A variegated lavender. Variegated plants – ones with leaves of two or more colors – are almost always mutants. A “normal” plant puts out a genetic mistake of a stem, and when observant plants people notice, they’ll cut it, root it, and create a new plant that may or may not produce variegated offspring.
A whole lot of plants come in variegated variations, but one I’d never seen with that look was lavender – until I visited the Sunset Magazine test garden in Sonoma.
Growing there was a bushy plant with brilliant creamy-edged blue/green leaves that I didn’t even recognize. Turns out it was lavender ‘Meerlo.’
Unfortunately, it’s a type that isn’t winter-hardy in Pennsylvania (at Zone 9, not even close). So if you can even find it in a catalog or online, it’ll be an annual for us.

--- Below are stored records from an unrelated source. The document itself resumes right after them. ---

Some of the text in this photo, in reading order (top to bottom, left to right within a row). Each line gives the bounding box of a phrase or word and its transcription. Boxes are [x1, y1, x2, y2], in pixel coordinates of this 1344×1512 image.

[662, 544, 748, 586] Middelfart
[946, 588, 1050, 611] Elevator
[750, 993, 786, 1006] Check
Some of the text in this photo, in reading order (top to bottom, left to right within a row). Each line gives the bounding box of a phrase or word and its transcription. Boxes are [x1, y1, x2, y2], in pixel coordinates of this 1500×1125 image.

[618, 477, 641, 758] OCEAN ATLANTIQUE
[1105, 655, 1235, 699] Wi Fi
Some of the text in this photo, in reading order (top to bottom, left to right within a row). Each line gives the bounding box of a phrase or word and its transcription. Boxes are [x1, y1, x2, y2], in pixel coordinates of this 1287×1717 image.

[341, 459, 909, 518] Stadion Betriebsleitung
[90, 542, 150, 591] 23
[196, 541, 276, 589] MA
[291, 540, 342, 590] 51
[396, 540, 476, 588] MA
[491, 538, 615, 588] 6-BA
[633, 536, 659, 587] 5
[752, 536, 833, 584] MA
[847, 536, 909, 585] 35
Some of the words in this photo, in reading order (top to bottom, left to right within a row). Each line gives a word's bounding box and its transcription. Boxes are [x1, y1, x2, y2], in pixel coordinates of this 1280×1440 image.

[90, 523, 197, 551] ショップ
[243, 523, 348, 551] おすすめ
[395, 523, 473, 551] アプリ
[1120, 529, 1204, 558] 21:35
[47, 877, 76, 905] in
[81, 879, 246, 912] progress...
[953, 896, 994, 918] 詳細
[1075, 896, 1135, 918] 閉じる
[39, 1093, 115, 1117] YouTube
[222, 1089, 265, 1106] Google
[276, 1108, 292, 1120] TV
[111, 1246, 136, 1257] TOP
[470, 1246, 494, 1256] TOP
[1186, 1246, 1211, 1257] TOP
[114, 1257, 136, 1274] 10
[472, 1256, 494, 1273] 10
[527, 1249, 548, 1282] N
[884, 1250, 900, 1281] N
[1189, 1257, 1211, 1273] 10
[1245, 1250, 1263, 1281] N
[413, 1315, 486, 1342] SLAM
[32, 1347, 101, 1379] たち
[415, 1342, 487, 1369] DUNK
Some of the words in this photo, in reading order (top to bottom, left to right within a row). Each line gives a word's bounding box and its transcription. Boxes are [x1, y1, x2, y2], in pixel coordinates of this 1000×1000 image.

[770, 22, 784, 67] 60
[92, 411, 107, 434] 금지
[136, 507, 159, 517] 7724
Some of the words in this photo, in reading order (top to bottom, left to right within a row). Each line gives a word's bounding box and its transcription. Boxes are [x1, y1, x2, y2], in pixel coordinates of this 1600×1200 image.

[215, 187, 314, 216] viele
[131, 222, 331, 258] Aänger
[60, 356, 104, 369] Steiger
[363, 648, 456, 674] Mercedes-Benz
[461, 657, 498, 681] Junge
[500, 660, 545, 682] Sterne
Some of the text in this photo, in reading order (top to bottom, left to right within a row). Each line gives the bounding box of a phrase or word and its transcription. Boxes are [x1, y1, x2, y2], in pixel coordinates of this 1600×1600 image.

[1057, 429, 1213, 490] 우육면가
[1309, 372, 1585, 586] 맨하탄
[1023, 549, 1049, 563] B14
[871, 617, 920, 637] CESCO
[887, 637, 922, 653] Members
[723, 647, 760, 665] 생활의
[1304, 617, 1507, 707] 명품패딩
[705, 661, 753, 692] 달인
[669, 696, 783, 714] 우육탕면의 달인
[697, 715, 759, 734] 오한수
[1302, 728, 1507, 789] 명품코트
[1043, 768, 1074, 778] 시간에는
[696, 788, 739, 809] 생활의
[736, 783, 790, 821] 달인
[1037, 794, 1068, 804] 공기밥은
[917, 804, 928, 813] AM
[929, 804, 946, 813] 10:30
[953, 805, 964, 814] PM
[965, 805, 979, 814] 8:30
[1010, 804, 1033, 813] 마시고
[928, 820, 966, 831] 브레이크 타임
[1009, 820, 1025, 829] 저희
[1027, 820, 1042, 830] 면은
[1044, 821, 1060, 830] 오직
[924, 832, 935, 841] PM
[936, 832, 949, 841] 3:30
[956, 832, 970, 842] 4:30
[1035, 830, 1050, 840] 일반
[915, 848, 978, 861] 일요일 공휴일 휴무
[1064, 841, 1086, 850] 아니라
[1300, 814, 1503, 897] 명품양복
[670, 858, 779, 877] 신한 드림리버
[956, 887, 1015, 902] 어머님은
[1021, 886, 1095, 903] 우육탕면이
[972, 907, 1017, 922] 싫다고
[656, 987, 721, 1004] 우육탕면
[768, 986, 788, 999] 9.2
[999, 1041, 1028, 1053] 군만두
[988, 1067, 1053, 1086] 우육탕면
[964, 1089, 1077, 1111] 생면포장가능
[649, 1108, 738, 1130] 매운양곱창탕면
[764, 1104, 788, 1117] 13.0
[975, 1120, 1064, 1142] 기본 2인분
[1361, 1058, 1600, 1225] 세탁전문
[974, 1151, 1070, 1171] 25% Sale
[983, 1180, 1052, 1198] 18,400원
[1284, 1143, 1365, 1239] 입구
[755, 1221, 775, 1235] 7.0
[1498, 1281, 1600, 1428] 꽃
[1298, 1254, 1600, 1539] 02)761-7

My favorite California plant. Finally, under the long list of nice plants we can’t grow in Pennsylvania, I found my favorite California one to add.
It’s called the California lilac, but it isn’t a lilac at all. It’s a totally different species called Ceanothus.
The plant is a broadleaf evergreen shrub with long-lasting, ball-shaped blue flowers about the size of walnuts. They’re true-blue, too… very unusual in a shrub. Most croak when nights drop down 15 degrees or so.